On 18th November 2016, Paul Marsden, a sub-station crafts person for National Grid Electricity Transmission was to move a delivery crate containing a compressor with the help of a colleague. Mr Marsden was using a remote-controlled lorry loader crane but as they attempted to attach the slings to the hook, the crane struck Mr Marsden resulting in fatal injuries.
An investigation by the HSE found National Grid Electricity Transmission PLC failed to ensure the lift was properly planned, effectively supervised and carried out safely. The company also failed to ensure Mr Marsden had received adequate training in the new lorry loader crane, in particular the additional risks due to the remote-control unit.

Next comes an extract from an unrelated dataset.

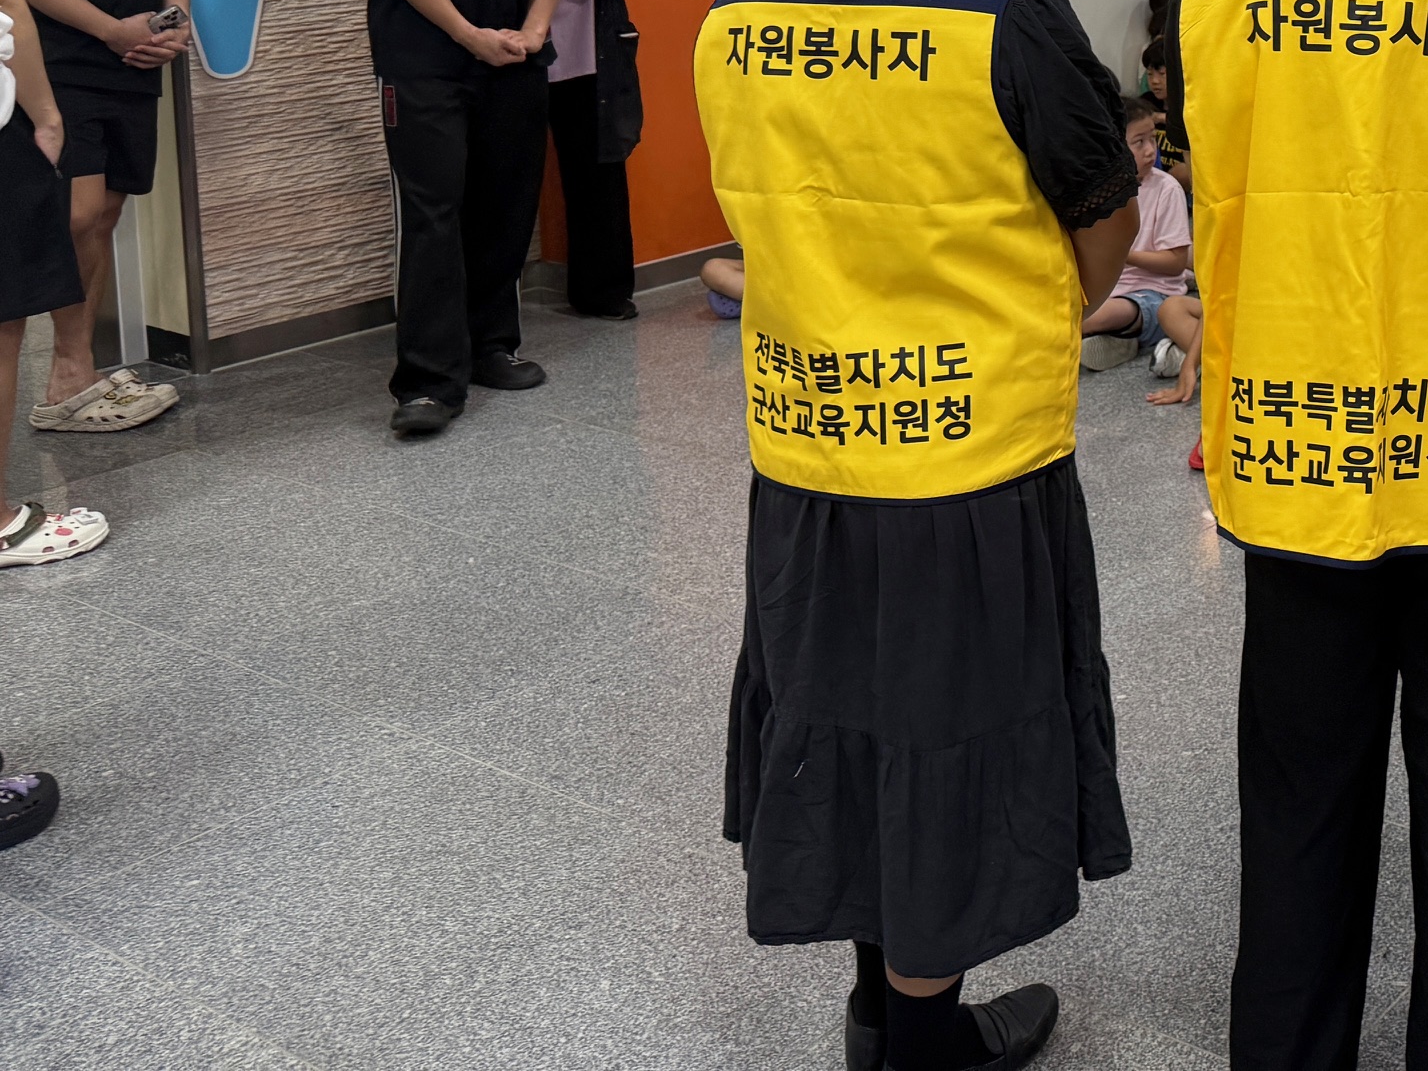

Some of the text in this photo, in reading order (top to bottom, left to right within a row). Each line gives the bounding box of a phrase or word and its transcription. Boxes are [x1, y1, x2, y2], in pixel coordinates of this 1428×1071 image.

[725, 24, 937, 82] 자원봉사자
[754, 330, 974, 395] 전북특별자치도
[752, 383, 973, 447] 군산교육지원청

National Grid Electricity Transmission PLC of The Strand, London, pleaded guilty to breaching Section 2(1) of Health and Safety at Work Act 1974 and Regulation 8(1) of the Lifting Operations and Lifting Equipment Regulations 1998 (LOLER). The company was fined £334,000 and ordered to pay costs of £17,673.34 costs, as well as an additional victim surcharge of £170.
HSE inspector Stephen Faulkner, speaking after the sentencing said, “This tragic incident could have been avoided if the company had properly planned the movement of the crate involved. Employers must recognise operating remote-controlled plants carry their own risks and should be managed appropriately, including through providing adequate training for employees. Companies should be aware that HSE will not hesitate to take appropriate enforcement action against those that fall below the required standards.”